NSE does not provide or purport to provide any advice and shall not be
liable to any person who enters into any business relationship with any trading
member and/or sub-broker of NSE and/or any third party based on any
information contained in this document. Any information contained in this
document must not be construed as business advice/investment advice. No
consideration to trade should be made without thoroughly understanding and
reviewing the risks involved in such trading. If you are unsure, you must seek
professional advice on the same.
BASIC RISKS INVOVLED IN TRADING ON THE
STOCK EXCHANGE (EQUITY AND OTHER
INSTRUMENTS)
1. Risk of Higher Volatility:
Volatility refers to the dynamic changes in price that securities undergo
when trading activity continues on the Stock Exchange. Generally, higher the
volatility of a security, greater is its price swings. There may be normally
greater volatility in thinly traded securities than in active securities. As a result
of volatility, your order may only be partially executed or not executed at all, or
the price at which your order got executed may be substantially different from
the last traded price or change substantially thereafter, resulting in notional or
real losses.
4. Risk-reducing orders:
Most Exchanges have a facility for investors to place "limit orders, "stop
loss orders" etc". The placing of such orders (e.g., "stop loss orders, or "limit"
orders) which are intended to limit losses to certain amounts may not be
effective many a time because rapid movement in market conditions may make
it impossible to execute such orders.
A "limit" order will be executed only at the "limit" price specified for the
order or a better price.
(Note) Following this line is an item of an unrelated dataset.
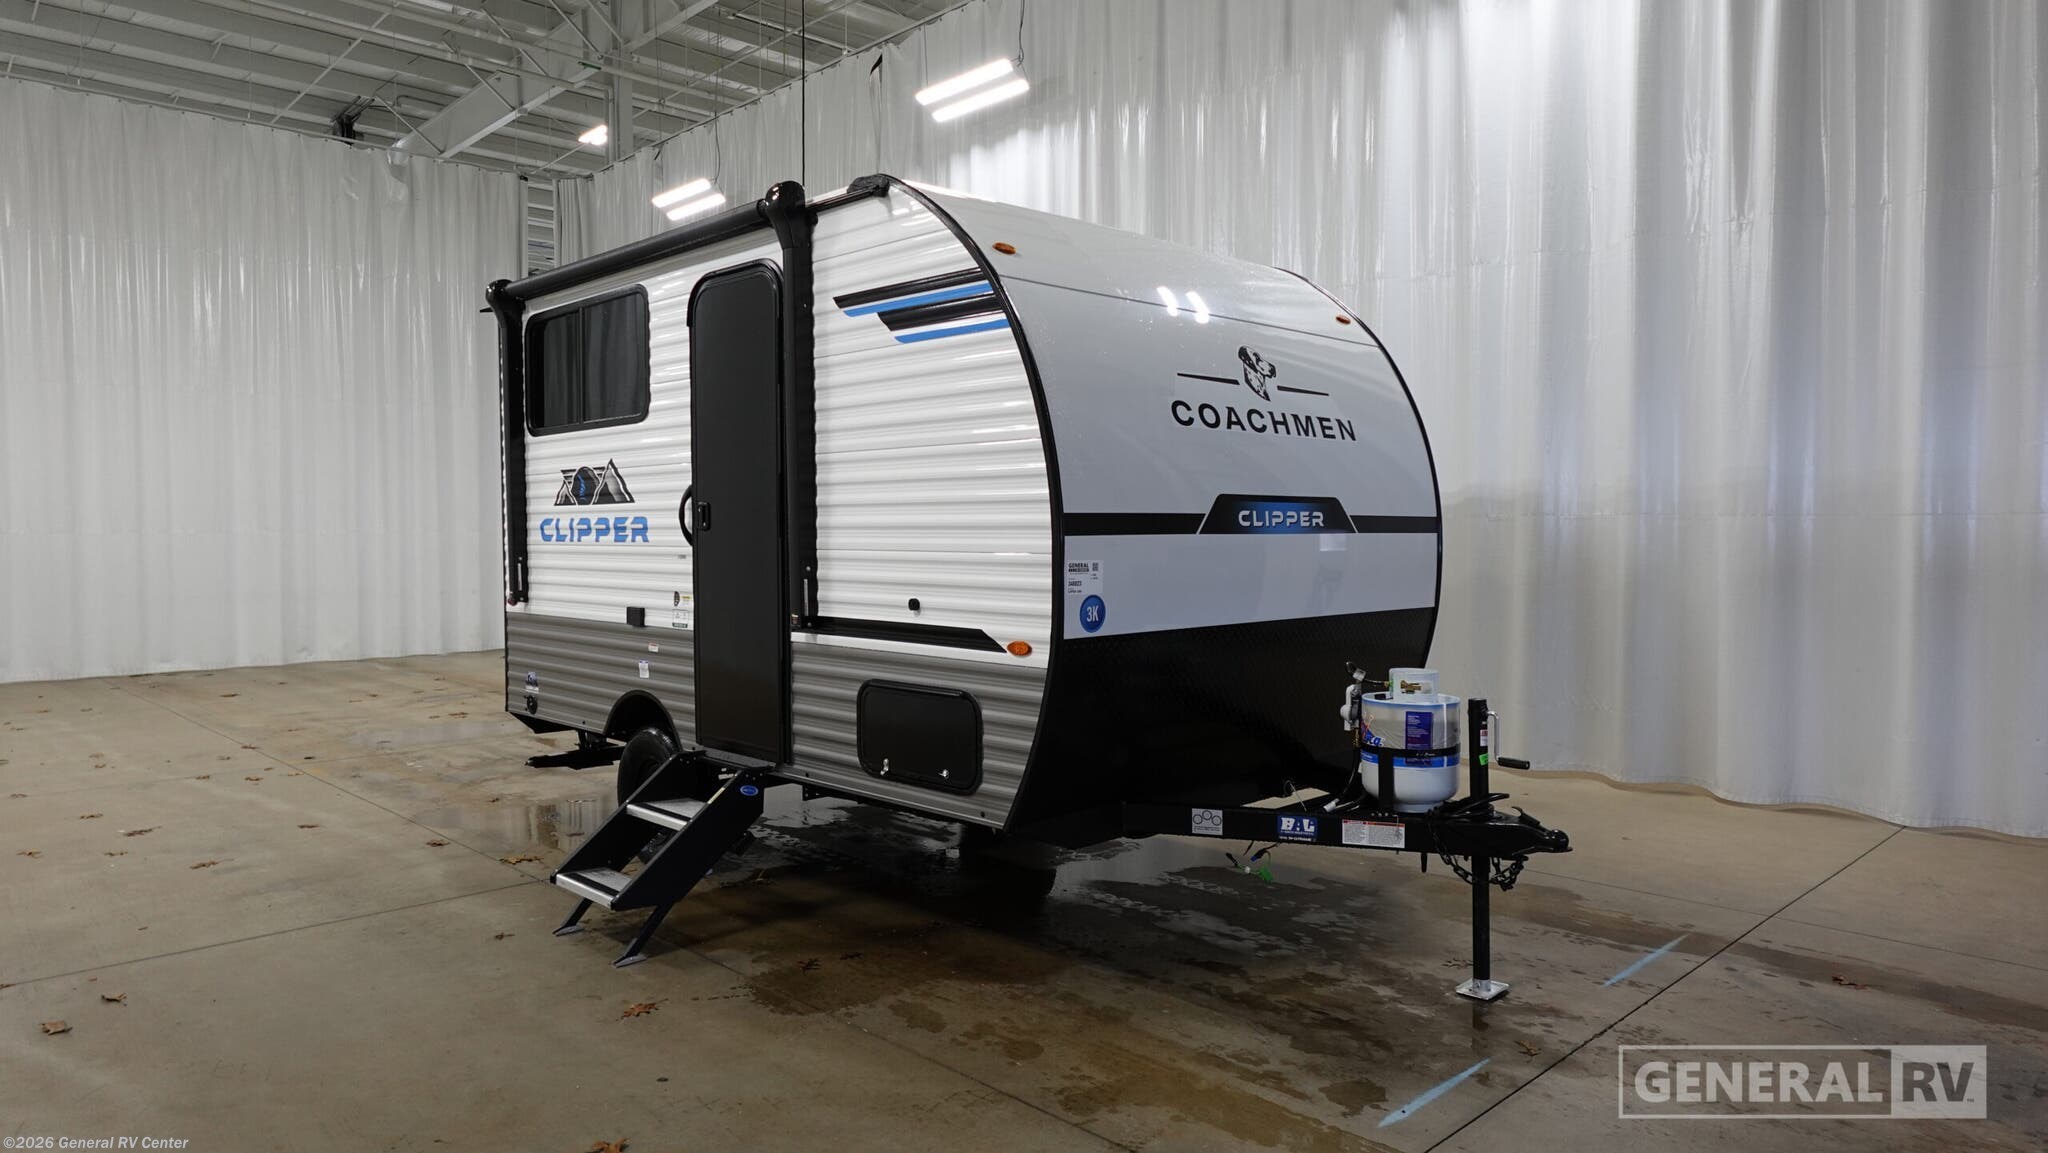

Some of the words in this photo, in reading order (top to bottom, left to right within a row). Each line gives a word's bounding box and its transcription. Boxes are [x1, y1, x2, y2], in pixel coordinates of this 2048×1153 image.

[1171, 400, 1357, 442] COACHMEN
[539, 516, 649, 543] CLIPPER
[1238, 509, 1324, 528] CLIPPER
[1086, 605, 1099, 622] 3K
However, while the customer receives price protection,
there is a possibility that the order may not be executed at all.
A stop loss order is generally placed "away" from the current price of a
stock, and such order gets activated if and when the stock reaches, or trades
through, the stop price. Sell stop orders are entered ordinarily below the current
price, and buy stop orders are entered ordinarily above the current price. When
the stock reaches the pre-determined price, or trades through such price, the stop
loss order converts to a market/limit order and is executed at the limit or better.
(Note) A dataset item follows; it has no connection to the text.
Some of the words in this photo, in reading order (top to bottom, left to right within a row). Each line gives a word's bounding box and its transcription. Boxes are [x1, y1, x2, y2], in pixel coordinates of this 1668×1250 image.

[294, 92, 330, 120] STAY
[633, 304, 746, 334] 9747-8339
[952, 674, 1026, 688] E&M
There is no assurance therefore that the limit order will be executable since a
stock might penetrate the pre-determined price, in which case, the risk of such
order not getting executed arises, just as with a regular limit order.
6. Risk of Rumours:
Rumours about companies at times float in the market through word of
mouth, financial newspapers, websites or news agencies, etc. The investors
should be wary of and should desist from acting on rumours.
7. System Risk:
High volume trading will frequently occur at the market opening and
before market close. Such high volumes may also occur at any point in the day.
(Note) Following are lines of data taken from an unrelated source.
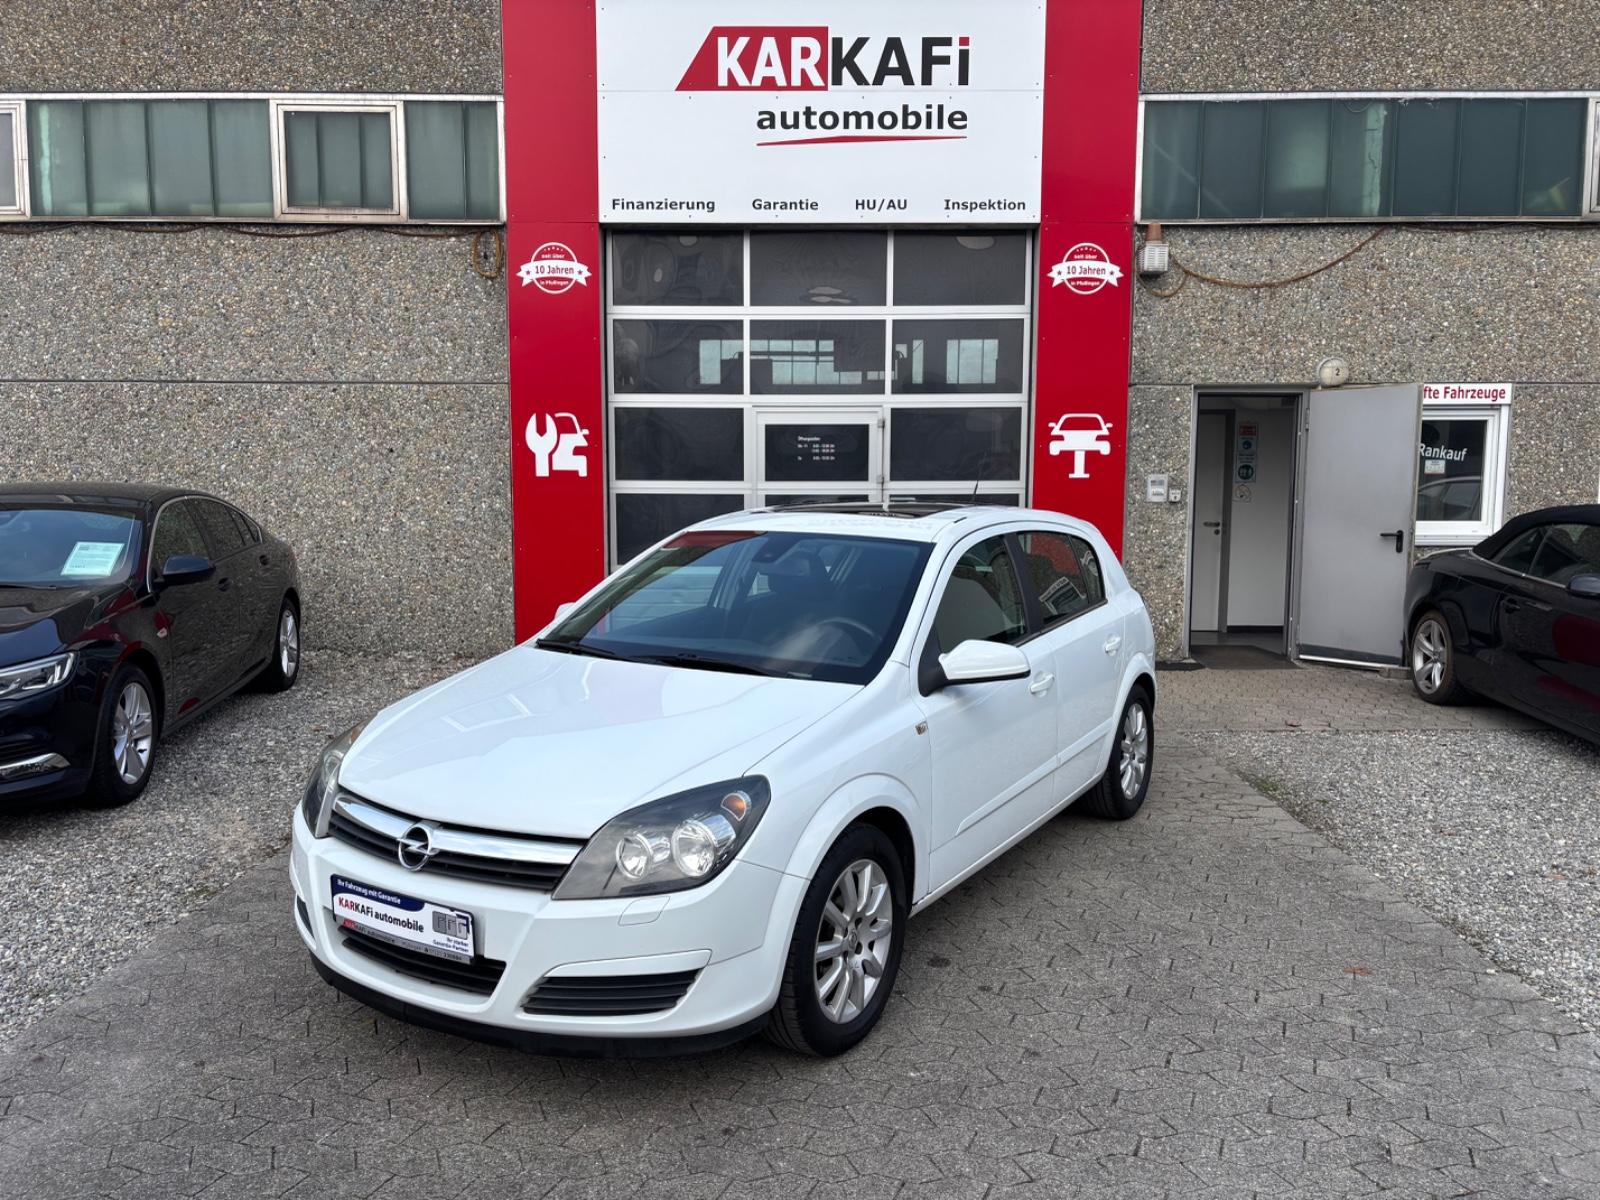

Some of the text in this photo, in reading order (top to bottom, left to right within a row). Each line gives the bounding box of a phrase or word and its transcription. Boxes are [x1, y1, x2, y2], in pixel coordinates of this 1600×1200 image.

[716, 36, 970, 88] KARKAFi
[756, 104, 968, 131] automobile
[611, 198, 716, 213] Finanzierung
[752, 198, 819, 211] Garantie
[855, 198, 908, 212] HU/AU
[944, 198, 1027, 213] Inspektion
[535, 265, 575, 275] 10 Jahren
[1066, 266, 1106, 276] 10 Jahren
[1443, 386, 1506, 402] Fahrzeuge
[344, 880, 368, 897] Fahrzeug
[378, 891, 401, 905] Garantie
[338, 896, 374, 918] KARKAFi
[374, 911, 424, 933] automobile
These may cause delays in order execution or confirmation.
EQUITY OVERVIEW
Equity shares are usually regarded as corner stone of corporate financial
resources. The ordinary shares provide a cushion of safety against temporary
unfavorable developments as the payment of dividends is not compulsory and is
depend on the discretion of management.
The reason for wide public interest in these securities is the possibility of
trading in stock exchange, free transferability, and marketability. Equity shares
constitute the ownership capital of a company and the equity holders have the
right of voting and sharing in profits and assets in proportion to his holding in
the total net assets of the company. He is entitled to all rights and obligations as
an owner and to residual profits. The dividend distributed to them may be
uncertain, variable and fluctuating. The equity holder gets his return in the form
of dividends distributed plus capital appreciation on his shares. The dividends
distributed depend upon the net earnings of the company after meeting all
expenses. This would influence the share price in the market, which may lead to
fluctuations in the prices either upward or downward and in turn capital
appreciation or depreciation.
Definition of Share:
According to section 2 (46) of the Indian Companies Act a share can be
defined as “The capital of a company and includes stock except where a
distinction between stock and share is expressed or implied.”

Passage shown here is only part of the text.